[Spatial localization data]
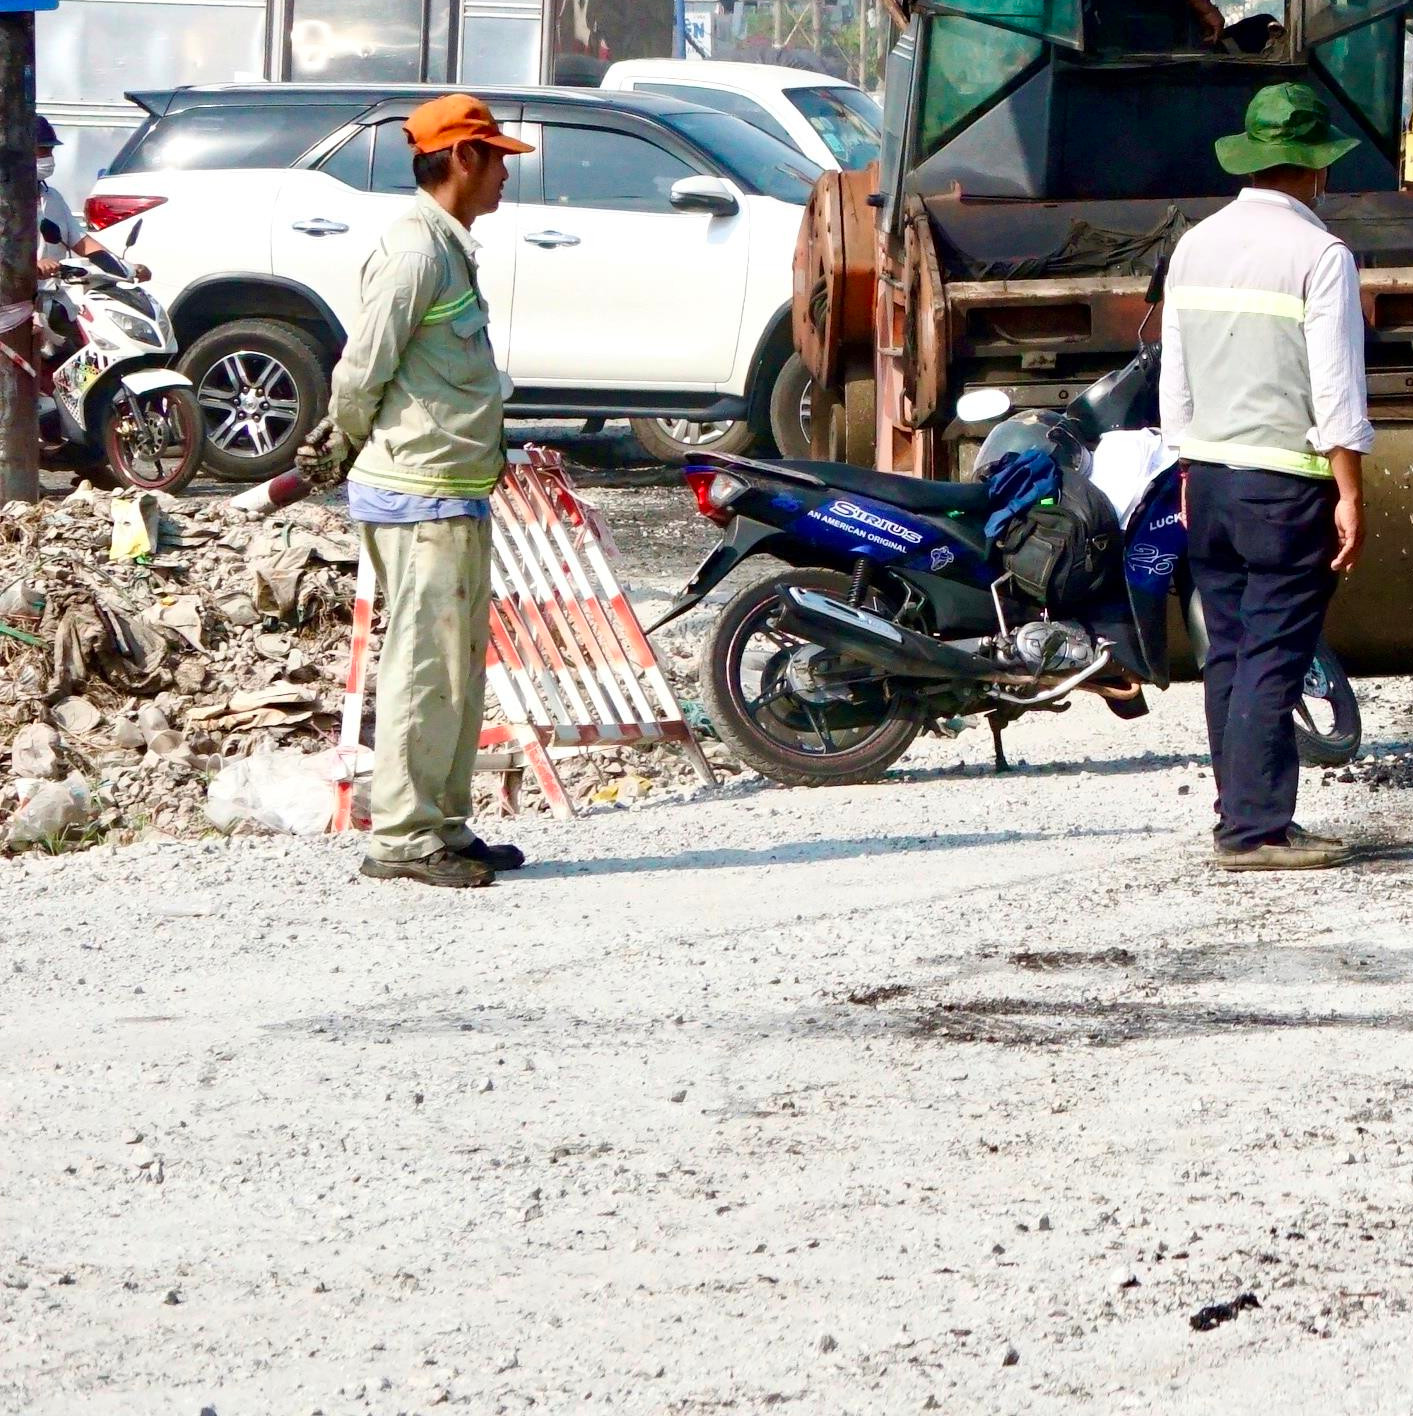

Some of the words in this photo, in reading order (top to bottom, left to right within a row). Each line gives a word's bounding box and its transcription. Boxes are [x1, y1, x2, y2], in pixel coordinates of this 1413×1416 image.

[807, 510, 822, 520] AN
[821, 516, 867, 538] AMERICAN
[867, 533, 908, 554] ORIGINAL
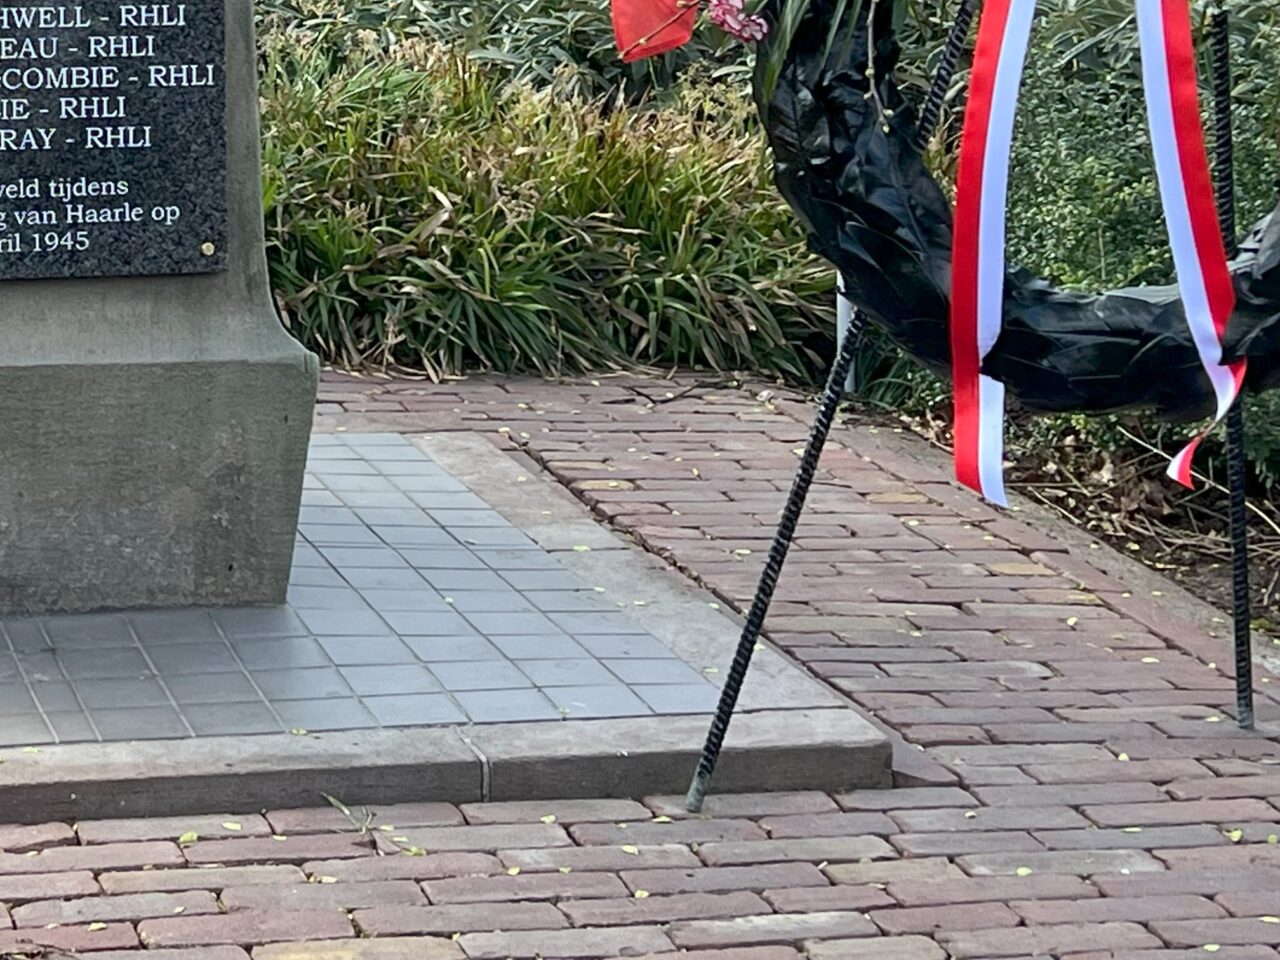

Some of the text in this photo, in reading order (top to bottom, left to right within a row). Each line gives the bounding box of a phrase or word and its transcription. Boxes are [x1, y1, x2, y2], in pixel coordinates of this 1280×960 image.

• TASK DESCRIPTION: Reproduce each entry exactly as given; no pictures, please.

• YOUR RESPONSE:
Some of the words in this photo, in reading order (top to bottom, left to right within a row). Each line gives a word's bounding box and its transcription. Boxes are [x1, y1, x2, y2], in pixel coordinates of this 1413×1416 image.

[807, 510, 822, 520] AN
[821, 516, 867, 538] AMERICAN
[867, 533, 908, 554] ORIGINAL

Some of the text in this photo, in reading order (top to bottom, left to right within a row). Each line gives the bounding box of a phrase or word and its transcription. Boxes are [x1, y1, x2, y2], in pixel coordinates of this 1280×960 image.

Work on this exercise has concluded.